■ DIRECTIONS FOR THIS TASK: Since only the words are wanted, reproduce every entry exactly and leave the images behind.
[SOURCE INFORMATION]
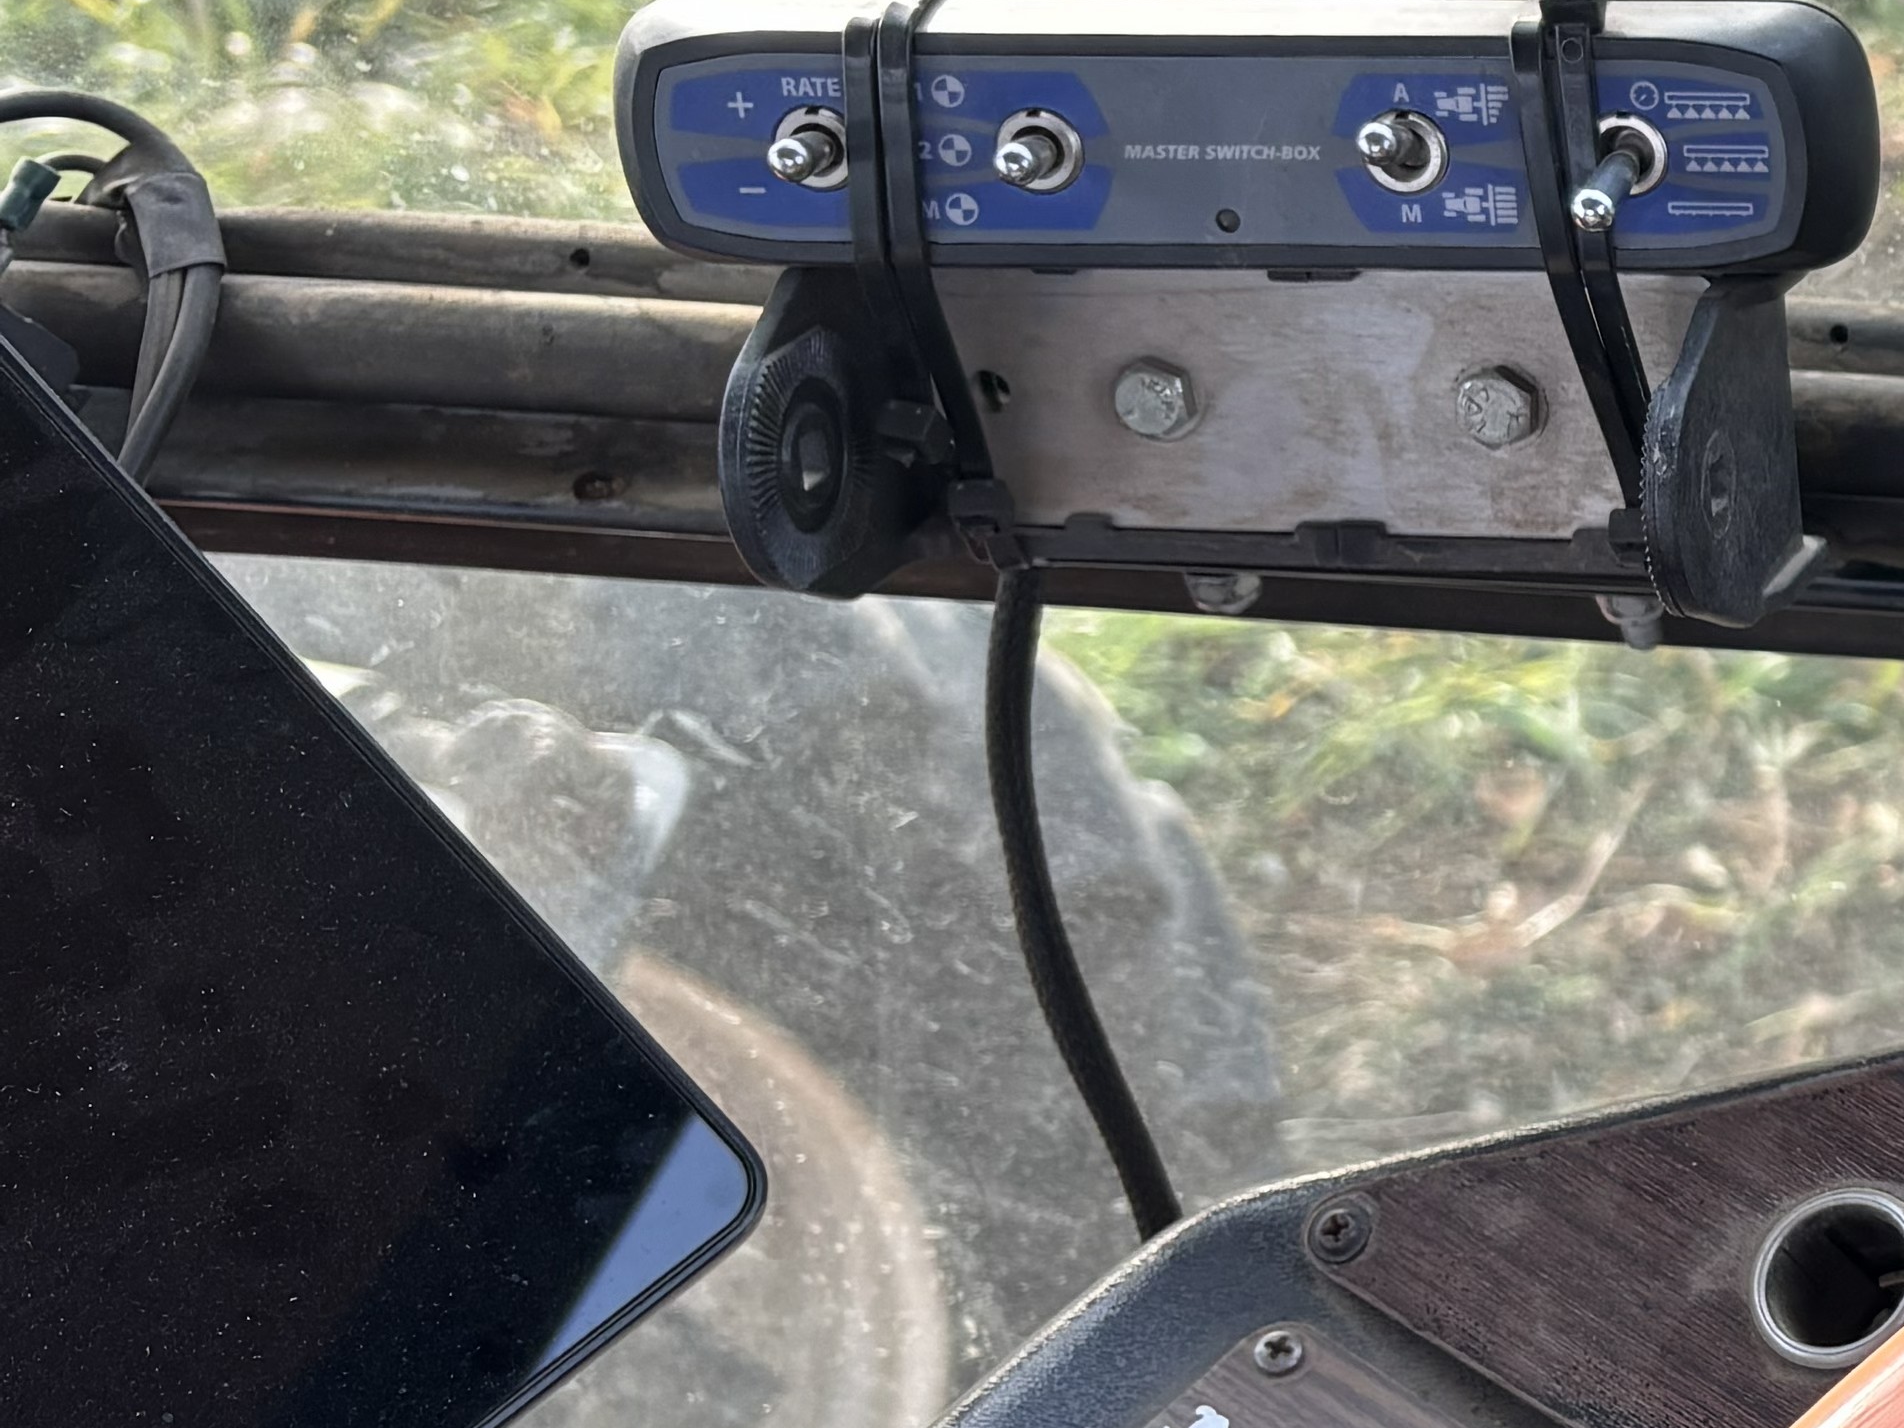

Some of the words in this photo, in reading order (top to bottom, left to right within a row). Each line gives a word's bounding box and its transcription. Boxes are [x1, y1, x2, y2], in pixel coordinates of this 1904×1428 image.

[781, 77, 841, 98] RATE
[913, 82, 923, 101] 1
[1393, 83, 1409, 103] A
[917, 141, 934, 160] 2
[1124, 145, 1199, 160] MASTER
[1204, 145, 1320, 160] SWITCH-BOX
[922, 200, 941, 220] M
[1402, 204, 1422, 224] M
[/SOURCE INFORMATION]
■ TASK OUTPUT:
Some of the words in this photo, in reading order (top to bottom, left to right within a row). Each line gives a word's bounding box and its transcription. Boxes are [x1, y1, x2, y2], in pixel coordinates of this 1904×1428 image.

[781, 77, 841, 98] RATE
[913, 82, 923, 101] 1
[1393, 83, 1409, 103] A
[917, 141, 934, 160] 2
[1124, 145, 1199, 160] MASTER
[1204, 145, 1320, 160] SWITCH-BOX
[922, 200, 941, 220] M
[1402, 204, 1422, 224] M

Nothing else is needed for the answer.